The invention belongs to aircraft floor maintenance technology, relate to the improvement to aircraft handling rudder face ground machine adjusting zero method.Current aircraft handling rudder face actuator ground machine adjusting zero method is by the angle of ground maintenance librarian use steel ruler manual measurement rudder face to be returned to zero Yu fuselage reference graduation line, the thickness of pad is compensated needed for being calculated aircraft by the computing formula provided in Aircraft Maintenance Munual, artificial big by steel ruler measurement error, the precision of compensation is low;There is potential safety hazard.The present invention proposes a kind of aircraft handling rudder face automatic zero-setting method, maintenance zeroing model is built by MATLAB, including rudder face position command, rudder face pressure difference signal, control rate instruction and steering wheel SOV instruction, determine compensation error and the gain of each steering wheel, to improve the precision compensated, simplify maintenance work, eliminate safe hidden trouble.

Description

A kind of aircraft handling rudder face automatic zero-setting method
Technical field
The invention belongs to aircraft floor maintenance technology, relate to the improvement to aircraft handling rudder face ground machine adjusting zero method.
Background technology
The step of current aircraft handling rudder face actuator ground machine adjusting zero method is: after aircraft powers on, tie up on ground Protect the angle of librarian use steel ruler manual measurement rudder face to be returned to zero and fuselage reference graduation line, by what Aircraft Maintenance Munual provided Computing formula calculates the required thickness compensating pad of aircraft.Then with the compensation pad of this thickness, rudder face is carried out machinery to mend Repay.Its shortcoming is: the first, artificial big by steel ruler measurement error, the precision of compensation is low;The second, attendant is needed to climb to fuselage On measure, there is potential safety hazard.
Summary of the invention
The technical problem to be solved is: propose a kind of aircraft handling rudder face automatic zero-setting method, to improve benefit The precision repaid, simplifies maintenance work, eliminates safe hidden trouble.

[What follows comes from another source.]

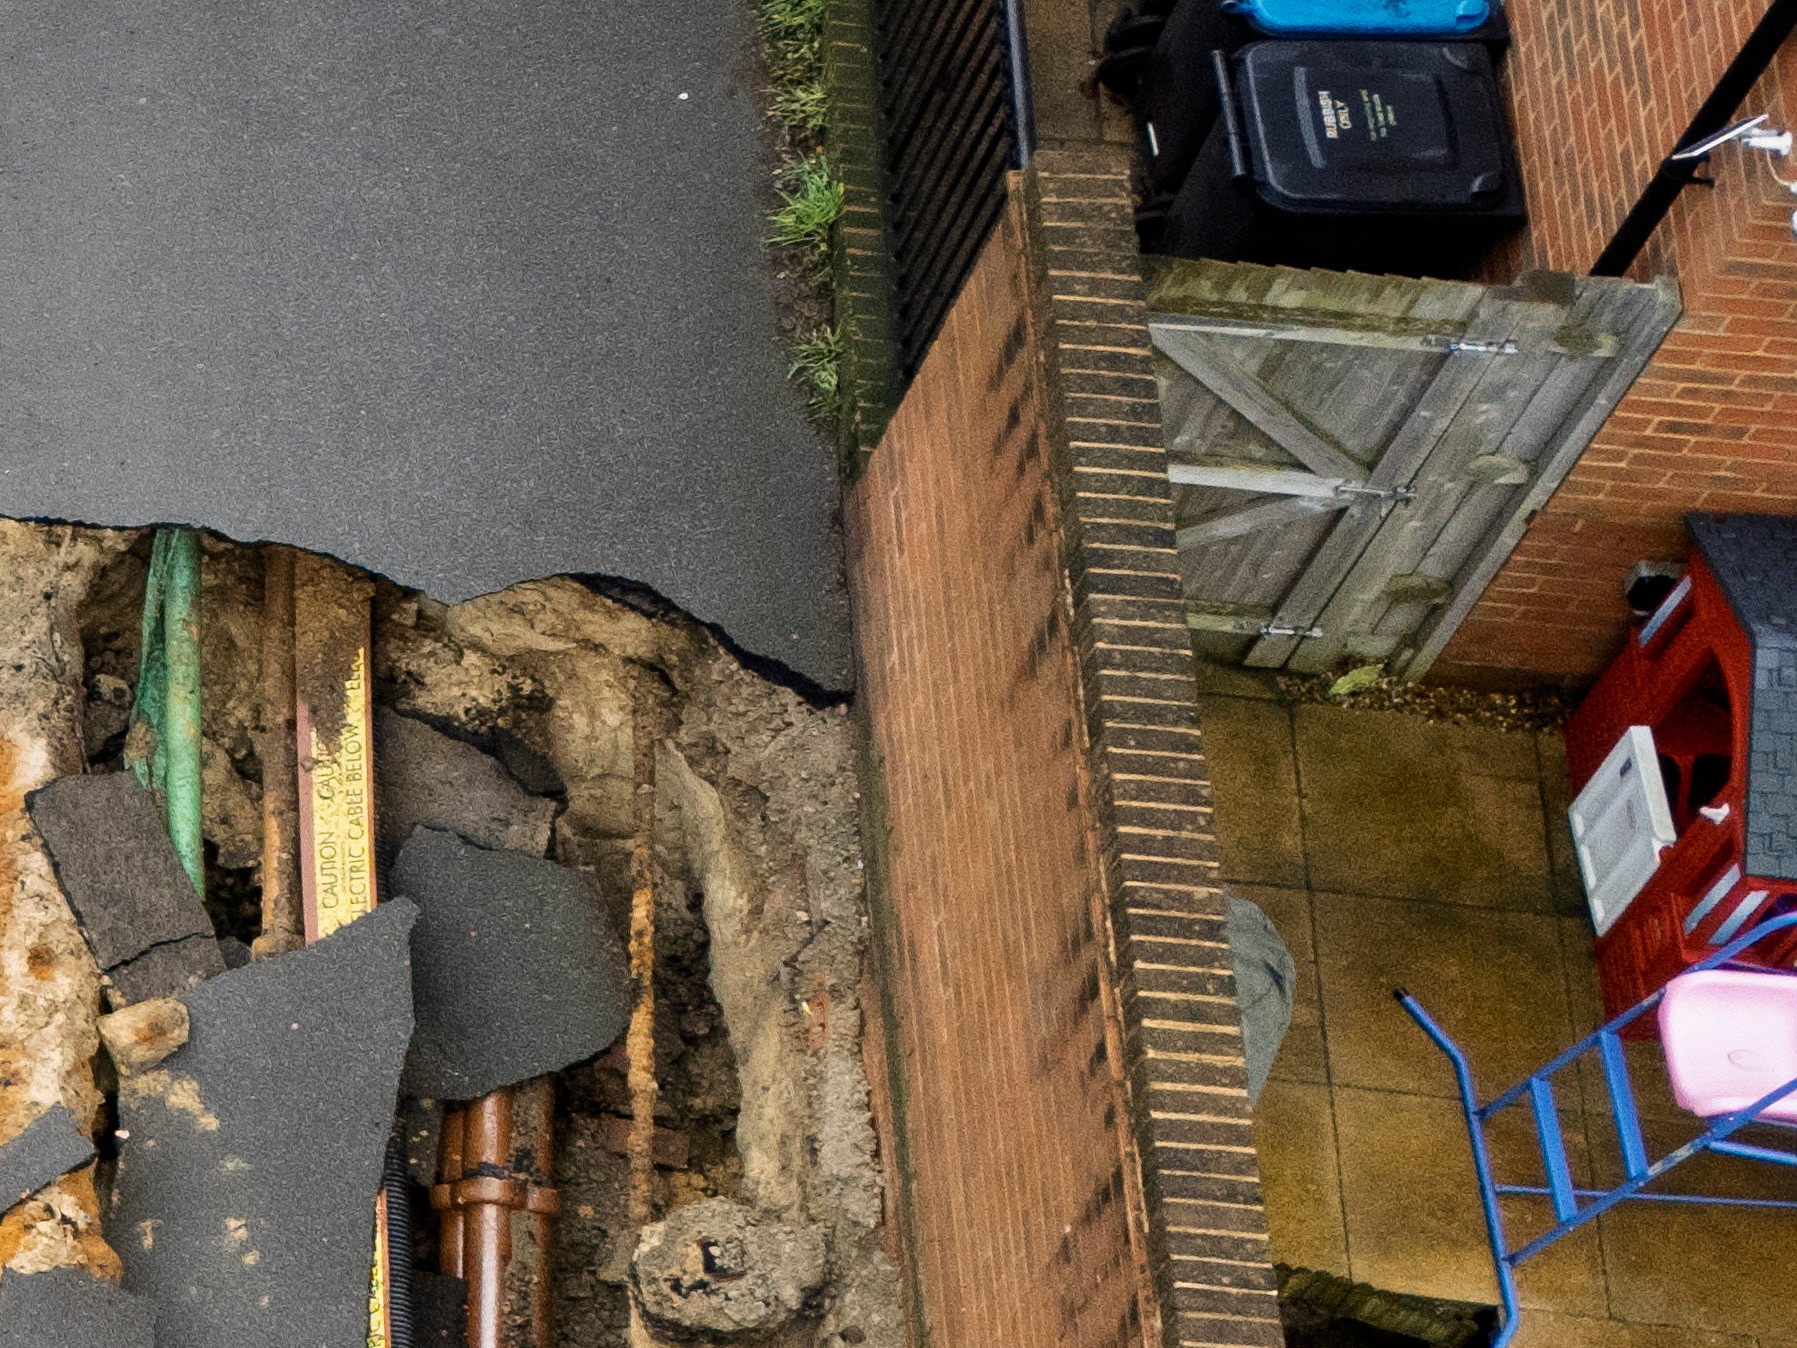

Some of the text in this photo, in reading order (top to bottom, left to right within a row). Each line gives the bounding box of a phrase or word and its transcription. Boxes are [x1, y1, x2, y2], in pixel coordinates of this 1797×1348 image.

[344, 723, 364, 782] BELOW
[345, 789, 366, 841] CABLE
[319, 831, 340, 909] CAUTION

A kind of aircraft handling rudder face ground automatic zero-setting method, the method based on centralized maintenance system, and specifically include with Lower step:
1.1, Inspection and maintenance condition
Flight control system powers on, and hydraulic system is opened, and by centralized maintenance system, system is set to service mode;
1.2, rudder face selects
The rudder face needing to carry out returning to zero is selected by centralized maintenance system;
1.3, the zeroing test program for selected rudder face is performed
Modeling: build maintenance zeroing model by MATLAB, including rudder face position command, rudder face pressure difference signal, control rate Instruction and steering wheel SOV instruct;
Calculate and compensate error and gain: reception rudder face position command, setting compensation error and the range of tolerable variance of gain, will Two steering wheels on rudder face are respectively set to switch on and off state, by maintenance instruction, the first steering wheel move to 0 degree of position, Whether attendant is demarcating zero-bit at ground observation rudder face, if not existing, compensate error by centralized maintenance system regulation until Attendant observes that rudder face reaches demarcation zero-bit, and zeroing test program automatically checks and compensates error whether in the tolerance of system In the range of, if, this compensation error is designated as the compensation error after the first steering wheel regulation, then two steering wheels on rudder face are divided It is not set to connect and on-state, drops until rudder face pressure reduction according to the compensation error of rudder face pressure difference signal second steering wheel of regulation Low in the acceptable range of error of system, then after this compensation error is designated as the second steering wheel regulation compensation error;
Two steering wheels on rudder face are respectively set to switch on and off state, and maintenance instruction continues the first steering wheel motion To maximum position until the first steering wheel touches at the end gently, attendant at ground observation rudder face whether at the rudder face dominant bit demarcated Putting, if not existing, regulating the first steering wheel maximum position gain by centralized maintenance system until rudder face arrives the maximum position demarcated, Automatically whether inspection gain at this maximum position is in system tolerances, if, then this gain is designated as the first steering wheel tune Maximum position gain after joint, then be respectively set to two steering wheels on rudder face connect and on-state, according to rudder face pressure reduction Signal, regulates the gain of the second steering wheel until rudder face pressure reduction is reduced in the acceptable range of error of system, then this gain is remembered It it is the maximum position gain after the second steering wheel regulation;
Two steering wheels on rudder face are respectively set to switch on and off state, and maintenance instruction continues the first steering wheel motion To minimum position until the first steering wheel touches at the end gently, attendant at ground observation rudder face whether in the rudder face minimum bit demarcated Putting, if not existing, regulating the first steering wheel minimum position gain by centralized maintenance system until rudder face arrives the minimum position demarcated, Automatically whether inspection gain at this minimum position is in system tolerances, if, then this gain is designated as the first steering wheel tune Minimum position gain after joint, then be respectively set to two steering wheels on rudder face connect and on-state, according to rudder face pressure reduction Signal, regulates the gain of the second steering wheel until rudder face pressure reduction is reduced in the acceptable range of error of system, then this gain is remembered It it is the minimum position gain after the second steering wheel regulation;
Finally, compensation error and the gain of each steering wheel are stored in a computer.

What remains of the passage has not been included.